There has never been a case that an increase in prices results in prices in the vehicle market going back to what they once were. Vehicle prices are very sticky, and it’s more that you have stepped changes in what occurs in the prices, especially in a world that is supply constrained.

Jonathan Smoke, Chief Economist, Cox Automotive

It will take a great deal of time and effort to overcome existing challenges, including overall affordability before the industry gets a sense of what is normal in the future. All we know is that the “normal” of the present will obviously not be the same as the “normal” of the future.

A Mixed Consumer Outlook

Amidst all this, consumer buying power remains strong despite the “worrying” state of the economy. Real consumer spending saw a 3.7 percent increase quarter over quarter as average hourly incomes also increased 4.2 percent in March. On the other hand, however, both initial and continuing unemployment claims saw unexpected fluctuations even as the job market remained robust.

Moreover, despite a marginal improvement in auto loan performance in April, it still remains “much worse than a year ago.” Additionally, auto loan access has tightened substantially following the Federal Reserve’s decision to hike interest rates by a quarter point on May 3rd, the prospect of buying a new car is much more costly in the long term.

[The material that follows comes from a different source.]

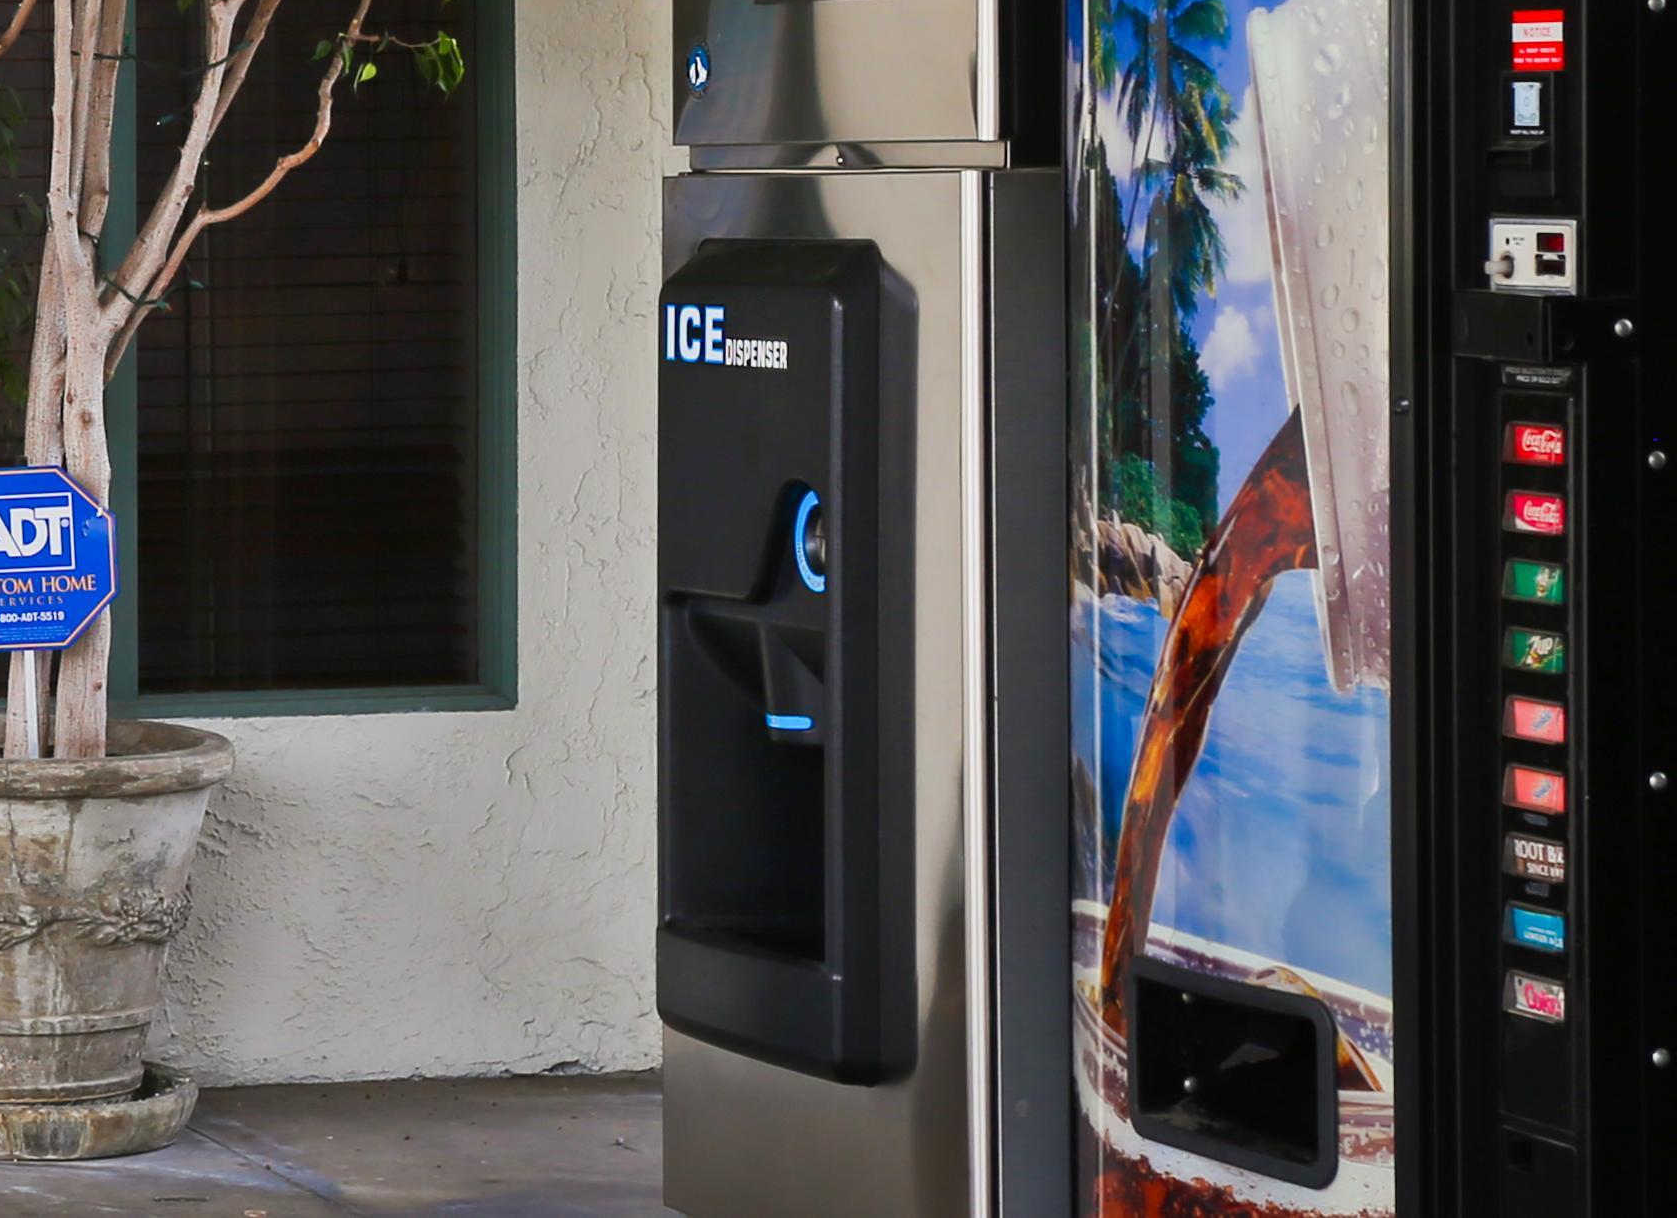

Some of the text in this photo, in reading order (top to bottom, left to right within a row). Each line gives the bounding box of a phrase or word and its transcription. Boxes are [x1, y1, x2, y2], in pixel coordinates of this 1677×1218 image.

[666, 304, 788, 370] ICE DISPENSER
[41, 574, 97, 593] HOME
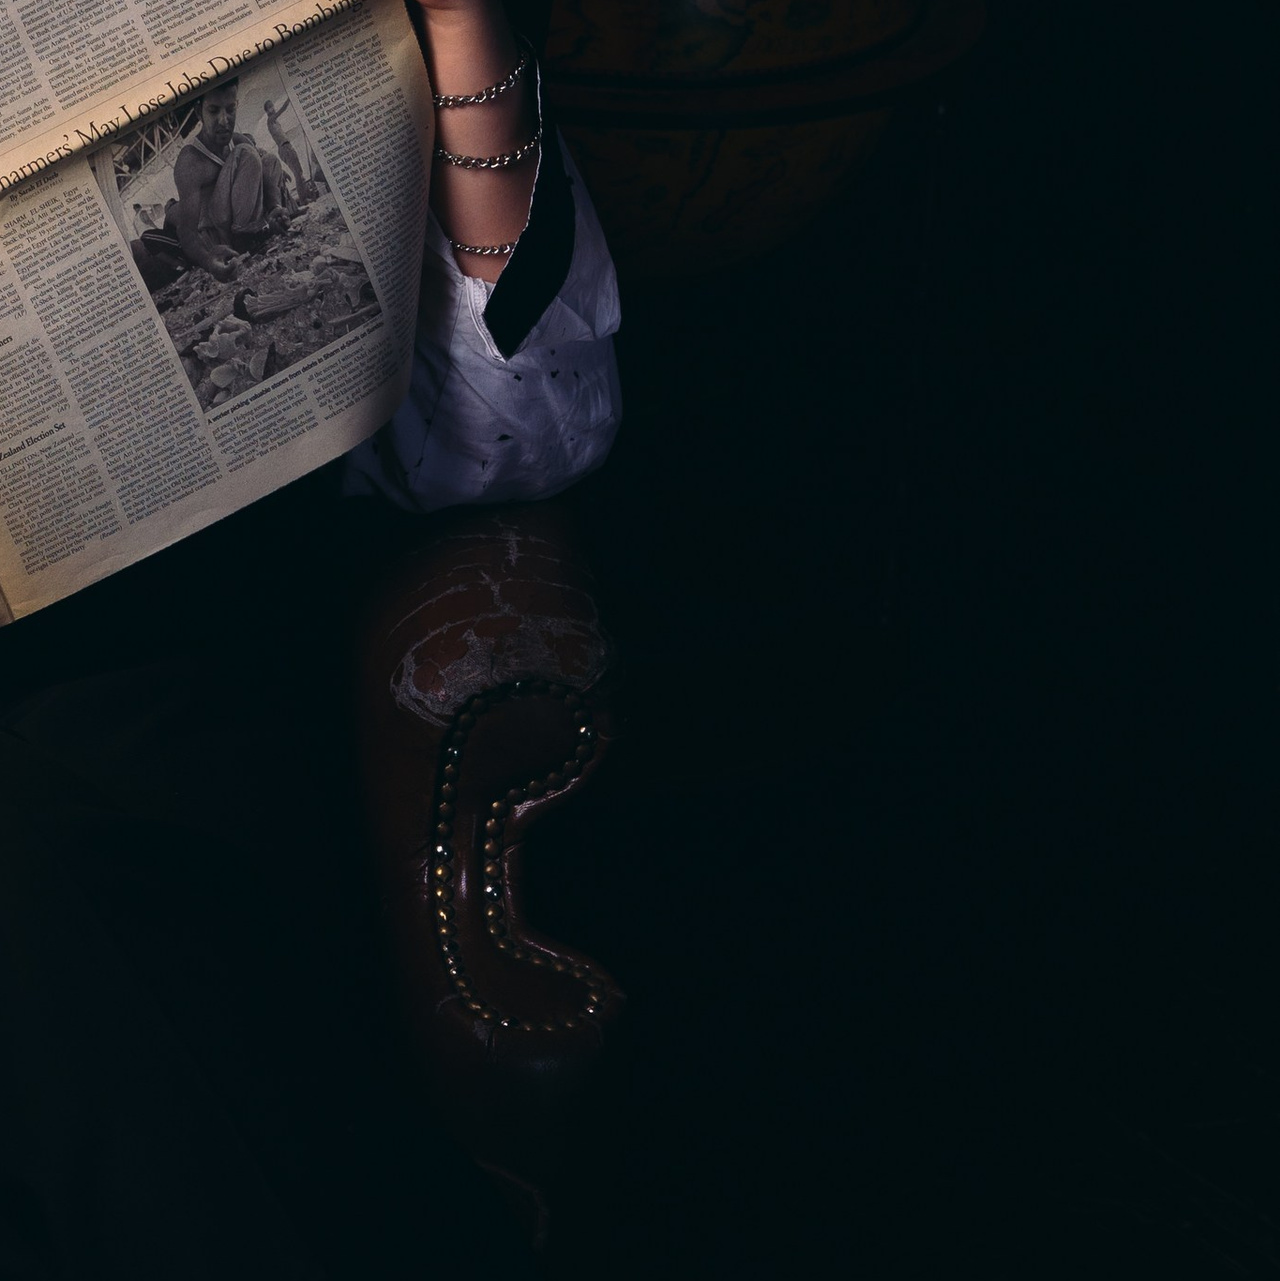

Even so, considering the substantial sales figures in April, it shows that prospective shoppers aren’t deterred from eventually purchasing a car of their own. Purchasing expectations are also still on an upward trend, with one survey noting more respondents were expecting to buy a new vehicle within the next 12 months (see below). This does support Kelley Blue Book’s aforementioned findings as well.

However, some signs indicate a gradual slowdown of consumer spending as early as mid-April, with credit card spending data indicating a 4 percent increase year-over-year. Adjusted for inflation, Cox Automotive notes that “spending is now down on a year-over-year basis.” Interestingly, consumer spending trends focused on travel, dining out, and services.

Year-over-year consumer spending percentage change for week ending April 15th, 2023
Sourced from Cox Automotive

On that note, credit card debt has grown to $17.6 billion, “the highest growth rate in a year,” according to Cox Automotive.

The bottom line is that consumers are still in a relatively stable position in terms of finances, but that will eventually shrink as personal savings dwindle, companies cut on costs by retrenching employees and increasing prices, and fewer incentives are put into place to entice potential buyers.

EV Outlook Staying Strong

Sales of both hybrid and electric vehicles have seen modest increases as gas prices continue to fluctuate. EV sales, in particular, saw an impressive 40 percent year-over-year growth bolstered by gas price spikes in March.

Wholesale EV transactions
Sourced from Cox Automotive

Meanwhile, Experian reports the total number of battery electric vehicle (BEV, also known as all-electric cars) registrations in the first quarter of 2023 reached 257,507 – a 63 percent increase compared to the previous year.

Interest in hybrids and EVs is also growing: Kelley Blue Book found that 20 percent of shoppers are looking at new electrified vehicles, whether a BEV, hybrid, or alternative fuel vehicle. This trend has also influenced vehicle segments: for example, pickup truck shoppers may now be actively considering electric trucks and not only ICE ones, fueling that interest and demand for such vehicles.

While Tesla had previously led the charge regarding market share, non-Tesla BEVs now equated 40 percent of the market share this quarter, compared to last year’s 28 percent market share in the same period. Consumers are more than happy to consider something other than a Tesla, given the improving diversity of EVs between brands and models.

We still believe that the EV outlook will continue to stay on an upward trend despite talk of an impending recession later in the year. The notable growth in customer interest in electrified vehicles is promising, but a recession could shift customer priorities away from new vehicles to more important things like groceries. Once car prices reach new normals, we anticipate a steady rise in EV sales throughout the year and into 2024.